GA: Wenn Sie weit zurückblicken: Wie hätte der teure Baustopp denn verhindert werden können?

Tirosh: Heute glaube ich, dass die Stadt, die Sparkasse KölnBonn und Honua die Rechte von Arazim hätten akzeptieren sollen. Dann hätten wir bereits im Jahr 2008 eine intensive Auseinandersetzung führen können. Das wäre produktiv gewesen. Wir hätten zwar mit Honua Meinungsunterschiede gehabt, wären aber als Profis zu einem Ergebnis gekommen. Dann hätte das Projekt einen positiveren Verlauf genommen. Wir hatten ein derartiges Gespräch auch angeregt.

Man hat aber Honua von uns regelrecht abgeschottet, als gäbe es uns gar nicht. Das war ein Fehler der Bonner Verwaltung und verschiedener Berater von Honua, die ja zugleich SMI Hyundai Corporation berieten.
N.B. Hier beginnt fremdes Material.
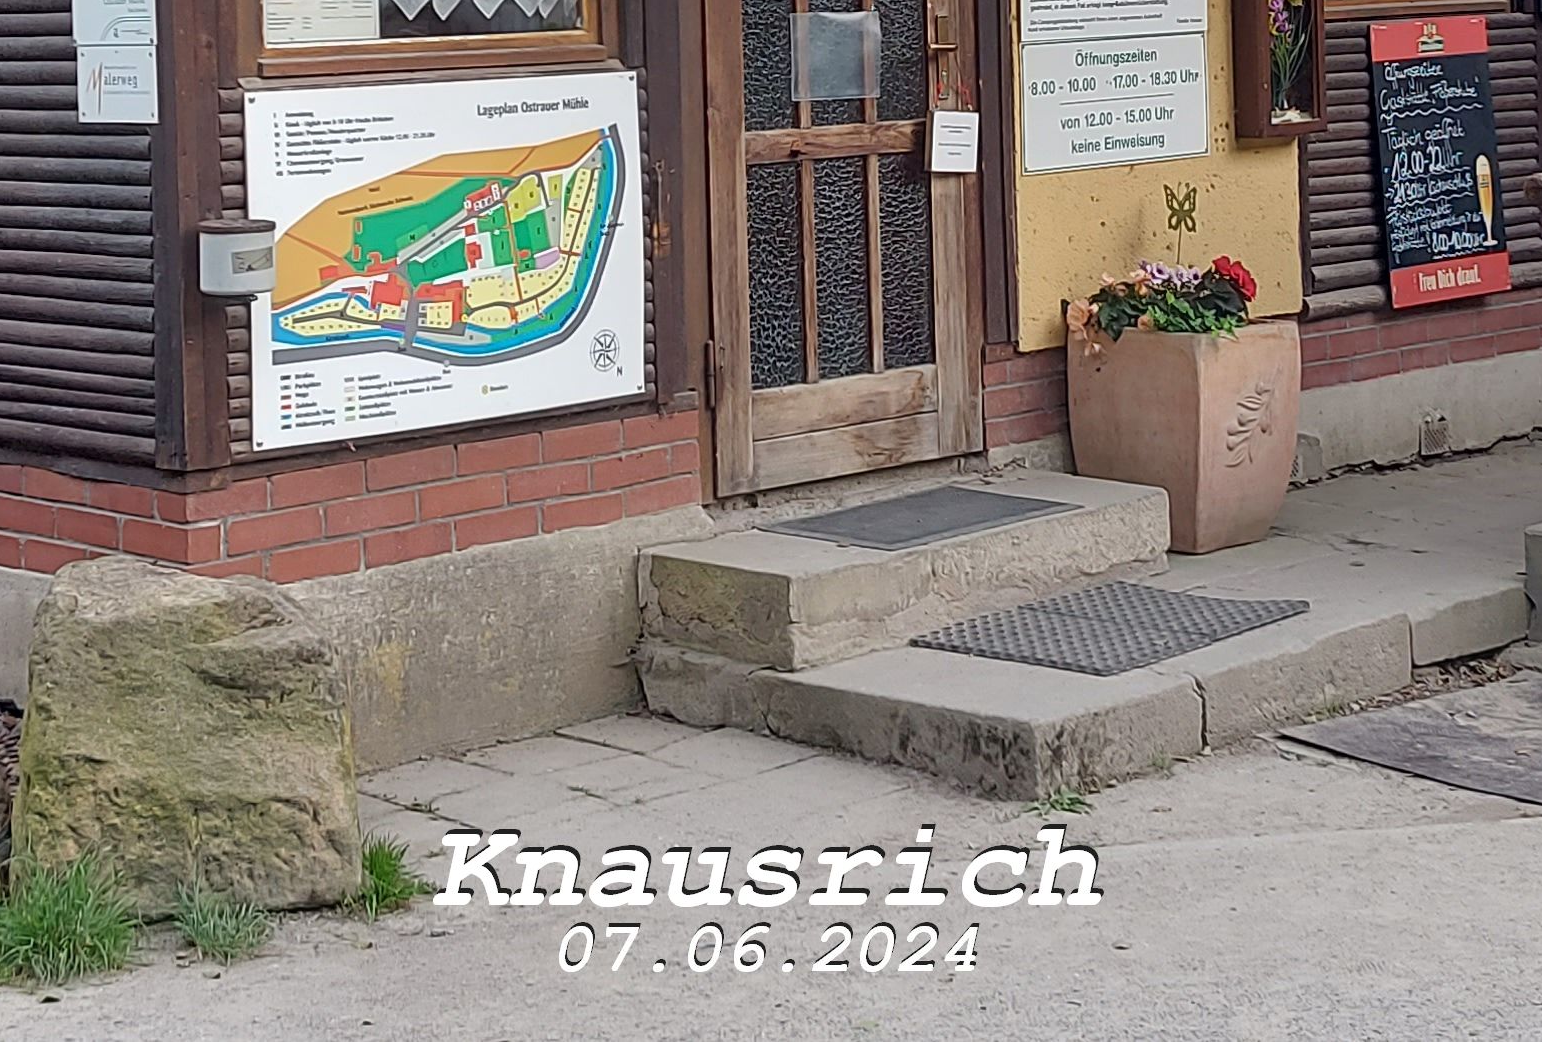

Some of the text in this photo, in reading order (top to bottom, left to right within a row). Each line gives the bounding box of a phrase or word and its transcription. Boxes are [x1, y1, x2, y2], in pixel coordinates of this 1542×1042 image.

[1074, 48, 1158, 67] Öffnungszeiten
[1030, 80, 1056, 96] 8.00
[1067, 77, 1097, 93] 10.00
[1112, 73, 1139, 89] 17.00
[1149, 70, 1177, 86] 18.30
[1180, 69, 1200, 83] Uhr
[476, 96, 590, 119] Lageplan Ostrauer Mühle
[1060, 117, 1081, 130] von
[1084, 111, 1113, 127] 12.00
[1123, 107, 1152, 123] 15.00
[1154, 106, 1175, 121] Uhr
[1071, 133, 1165, 154] keine Einweisung
[617, 366, 623, 376] N
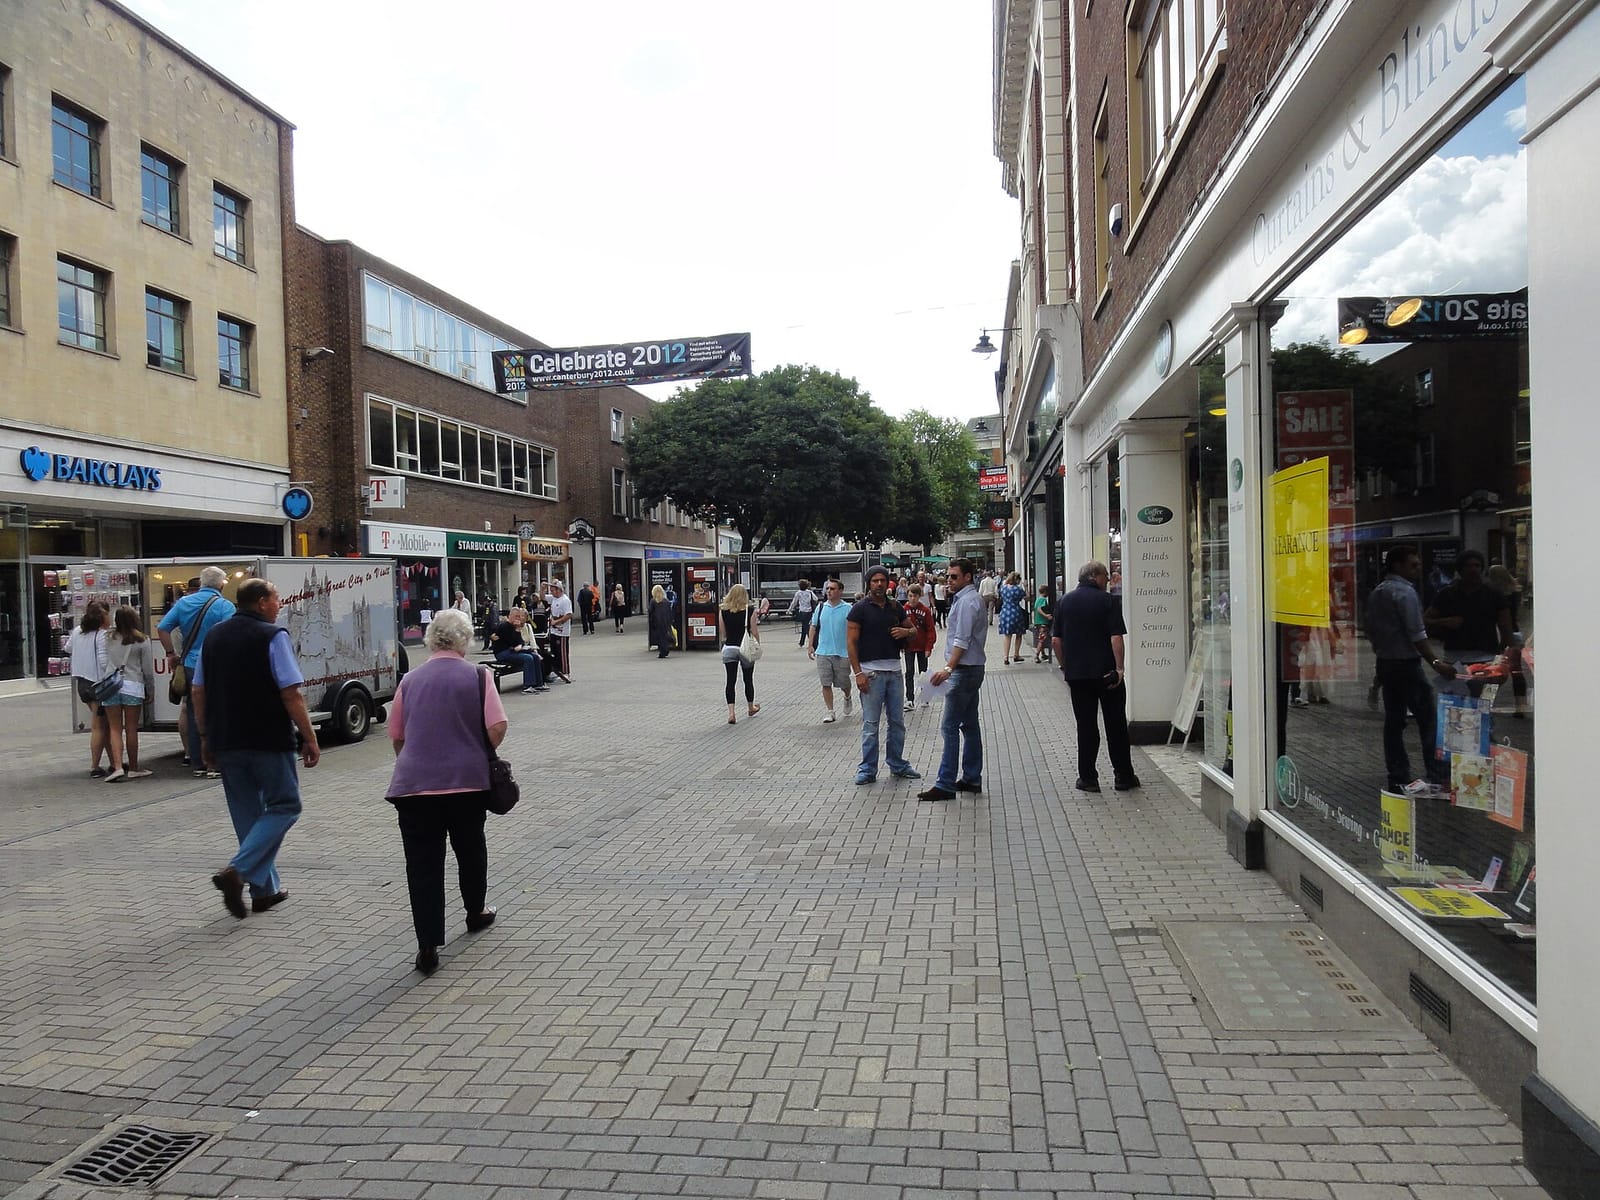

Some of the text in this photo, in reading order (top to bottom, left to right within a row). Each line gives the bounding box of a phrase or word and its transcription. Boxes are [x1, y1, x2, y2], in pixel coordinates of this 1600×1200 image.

[1253, 151, 1335, 267] Curtains
[1342, 108, 1371, 172] &
[530, 343, 687, 374] Celebrate 2012
[532, 368, 635, 383] www.canterbury2012.co.uk
[506, 382, 526, 391] 2012
[1285, 406, 1344, 434] SALE
[53, 454, 162, 491] BARCLAYS
[370, 480, 387, 502] T
[1136, 535, 1173, 543] Curtains
[1273, 531, 1319, 556] LEARANCE
[457, 540, 517, 553] STARBUCKS COFFEE
[1142, 552, 1169, 560] Blinds
[1142, 569, 1170, 578] Tracks
[325, 580, 346, 596] Great
[348, 573, 363, 590] City
[365, 573, 372, 581] to
[373, 567, 390, 578] Visit
[1136, 587, 1177, 597] Handbags
[1146, 605, 1168, 614] Gifts
[1142, 622, 1173, 632] Sewing
[1141, 640, 1176, 649] Knitting
[1145, 657, 1172, 667] Crafts
[1304, 786, 1329, 819] Knitting
[1337, 806, 1363, 842] Sewing
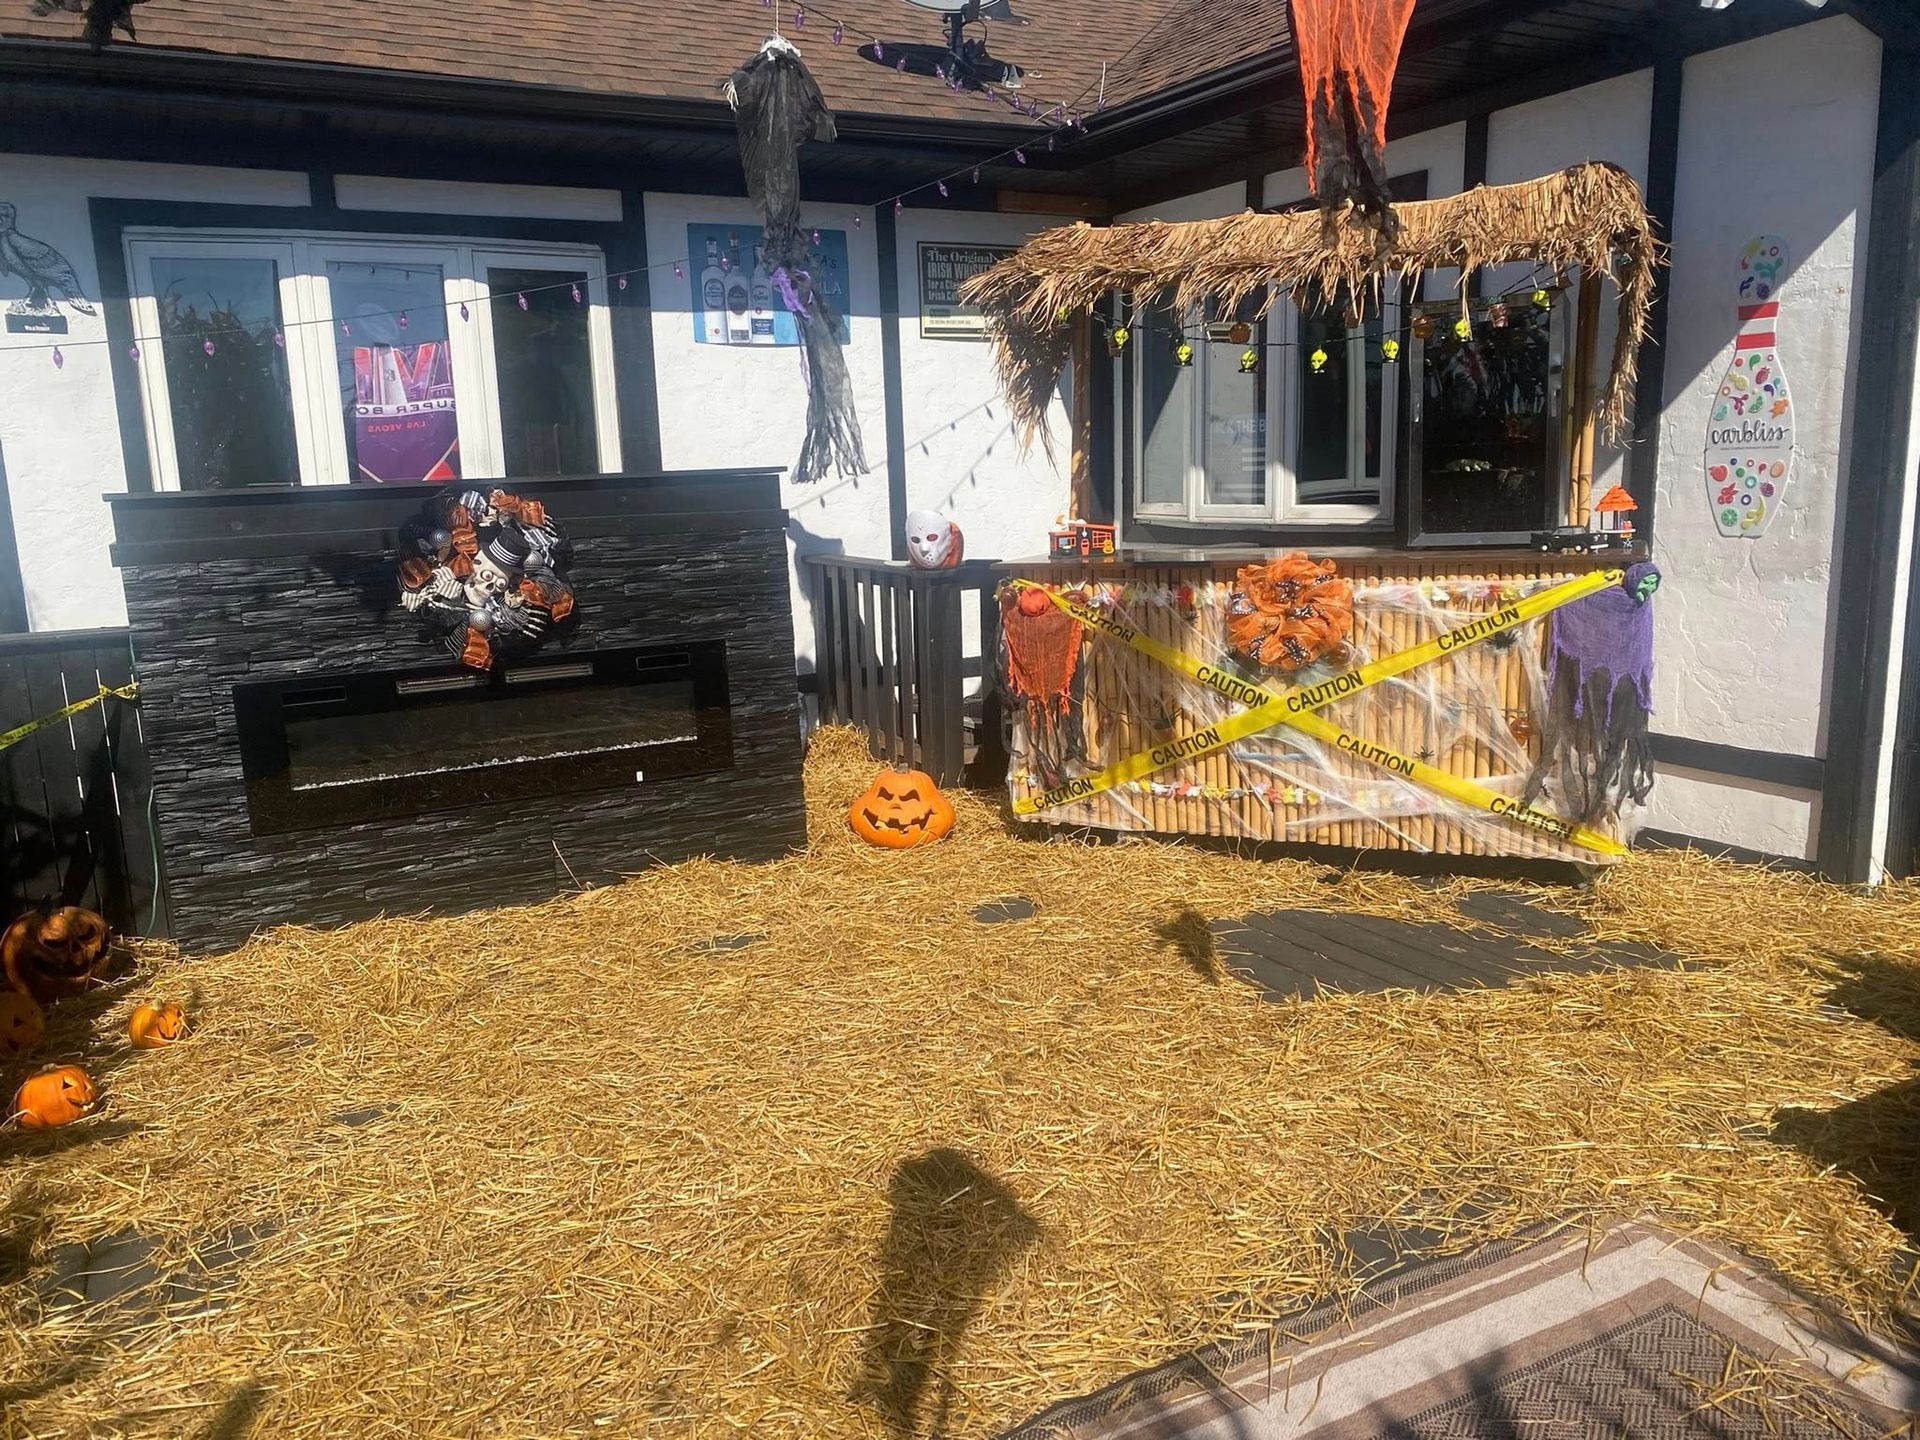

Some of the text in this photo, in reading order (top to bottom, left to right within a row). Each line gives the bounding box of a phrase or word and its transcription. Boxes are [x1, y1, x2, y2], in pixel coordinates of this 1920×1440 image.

Inzwischen höre ich, dass man die Rechte von Arazim wieder in Abrede stellen möchte. Auch diesmal signalisieren wir Gesprächsbereitschaft.

Zur Person:

Zvi Tirosh wurde in Montevideo (Uruguay) geboren, ist 44 Jahre alt, Fachanwalt für Bau- und Architektenrecht in der Kanzlei Arnecke Siebold mit Sitz in Frankfurt am Main und vertritt die Firma Arazim. Der gebürtige Israeli spricht Hebräisch, Englisch, Spanisch und Deutsch und studierte von 1990 bis 1994 Rechtswissenschaft in Mannheim. Bis 2001 leitete er die Israelisch-Deutsche Industrie- und Handelskammer (AHK Israel) mit Sitz in Wiesbaden. Tirosh ist verheiratet und hat ein Kind.